=== TASK DETAILS ===
Only the text belongs in the answer: every line of the records below, transcribed exactly.

=== RECORD EXCERPTS ===
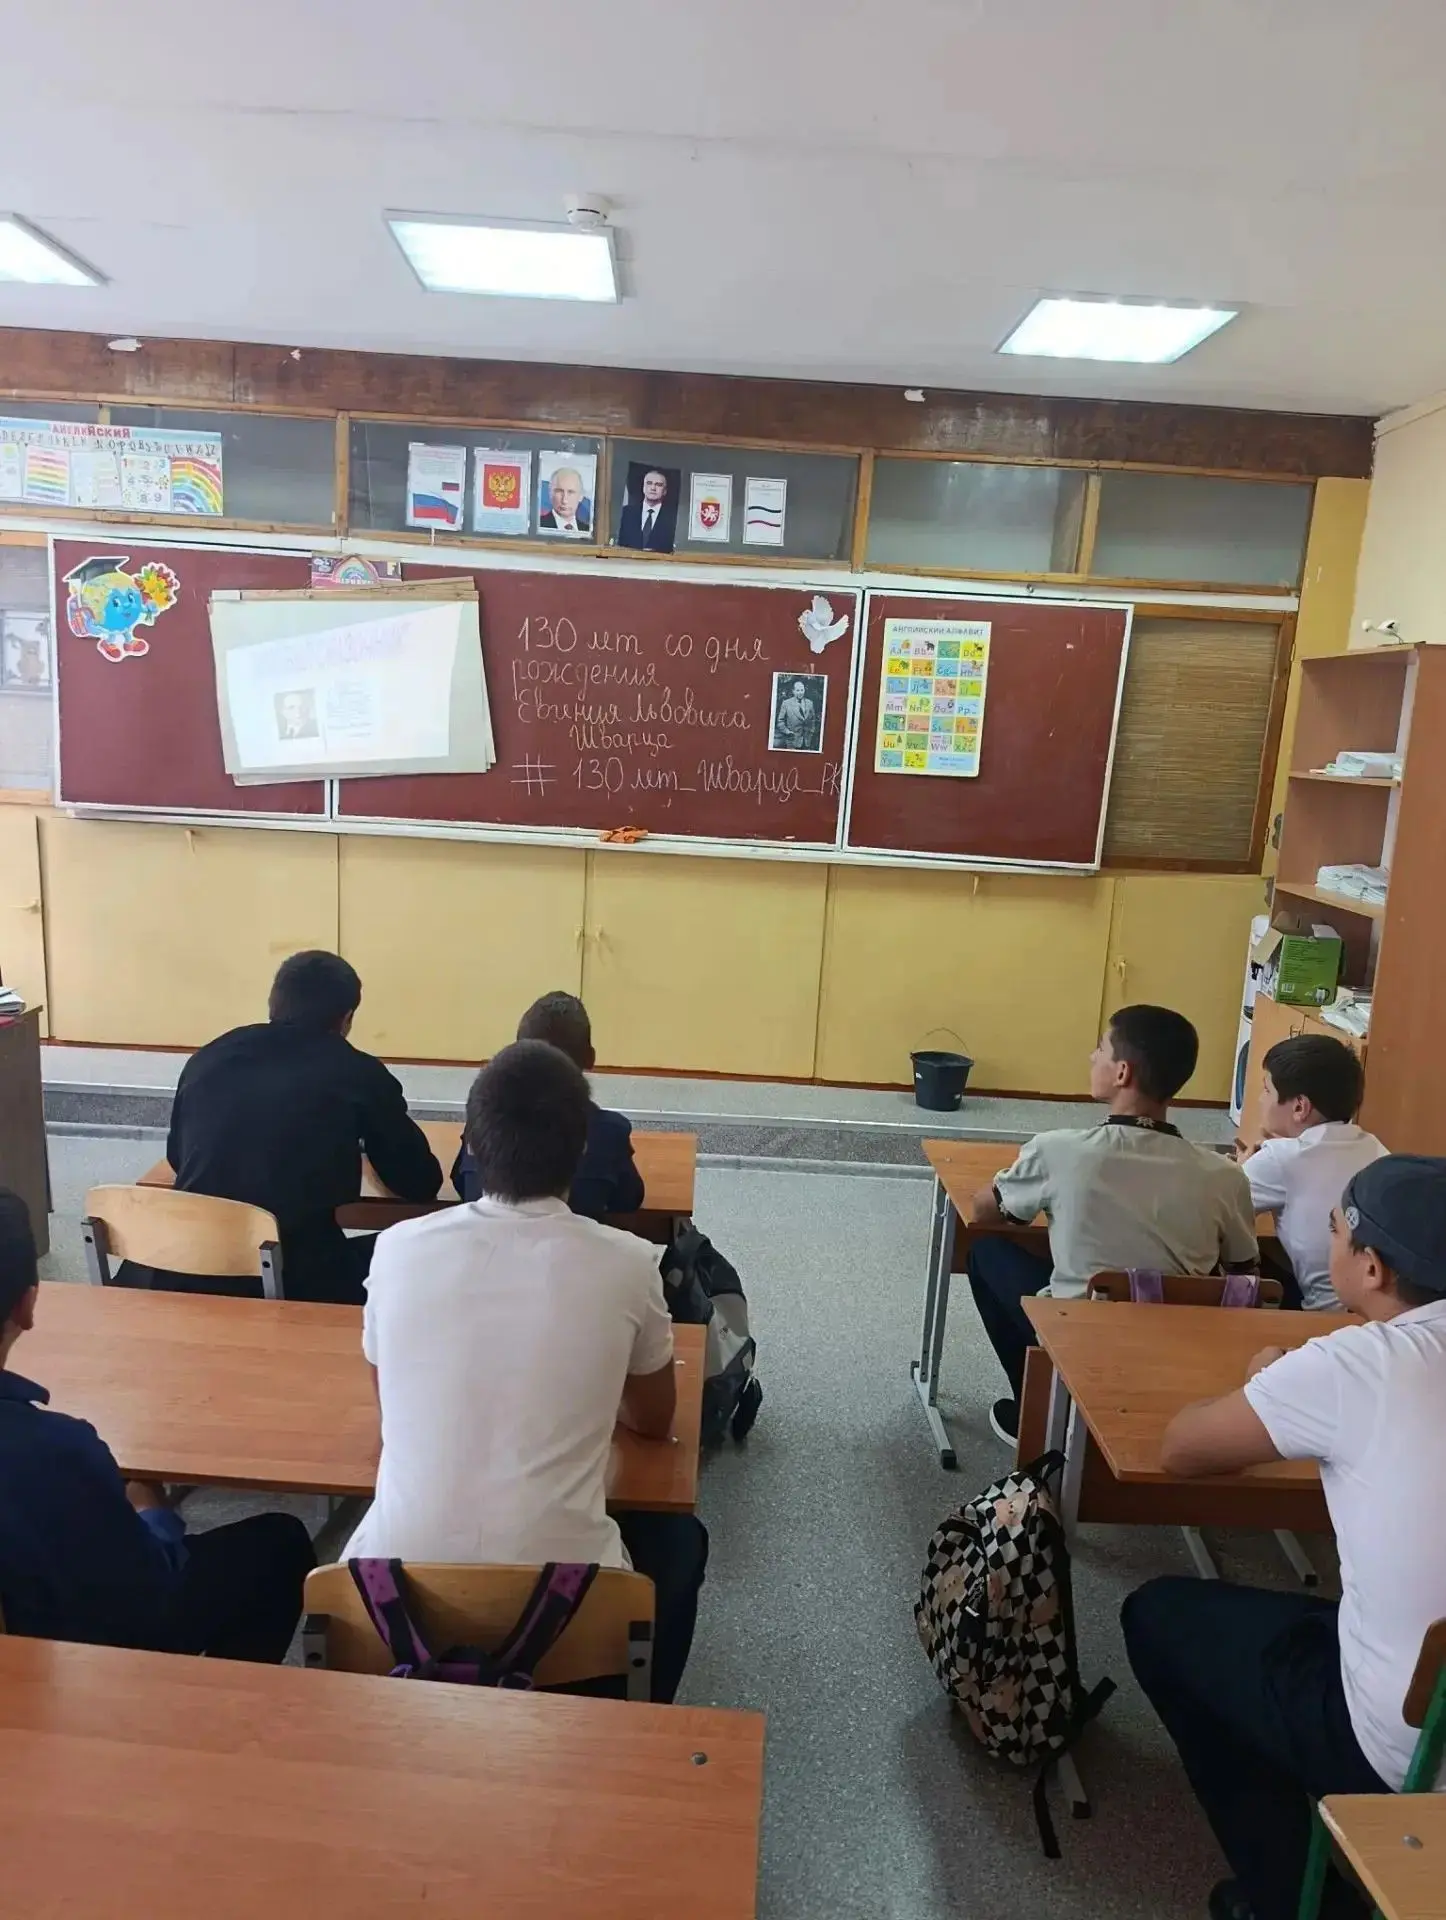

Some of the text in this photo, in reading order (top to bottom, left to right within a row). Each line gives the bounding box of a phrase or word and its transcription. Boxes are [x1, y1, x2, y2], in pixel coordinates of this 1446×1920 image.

[518, 616, 769, 673] 130 лет со дня
[512, 658, 660, 701] рождения
[518, 686, 622, 725] Евгения
[569, 722, 676, 757] Шварца

=== TASK OUTPUT ===
Some of the text in this photo, in reading order (top to bottom, left to right within a row). Each line gives the bounding box of a phrase or word and its transcription. Boxes are [x1, y1, x2, y2], in pixel coordinates of this 1446×1920 image.

[518, 616, 769, 673] 130 лет со дня
[512, 658, 660, 701] рождения
[518, 686, 622, 725] Евгения
[569, 722, 676, 757] Шварца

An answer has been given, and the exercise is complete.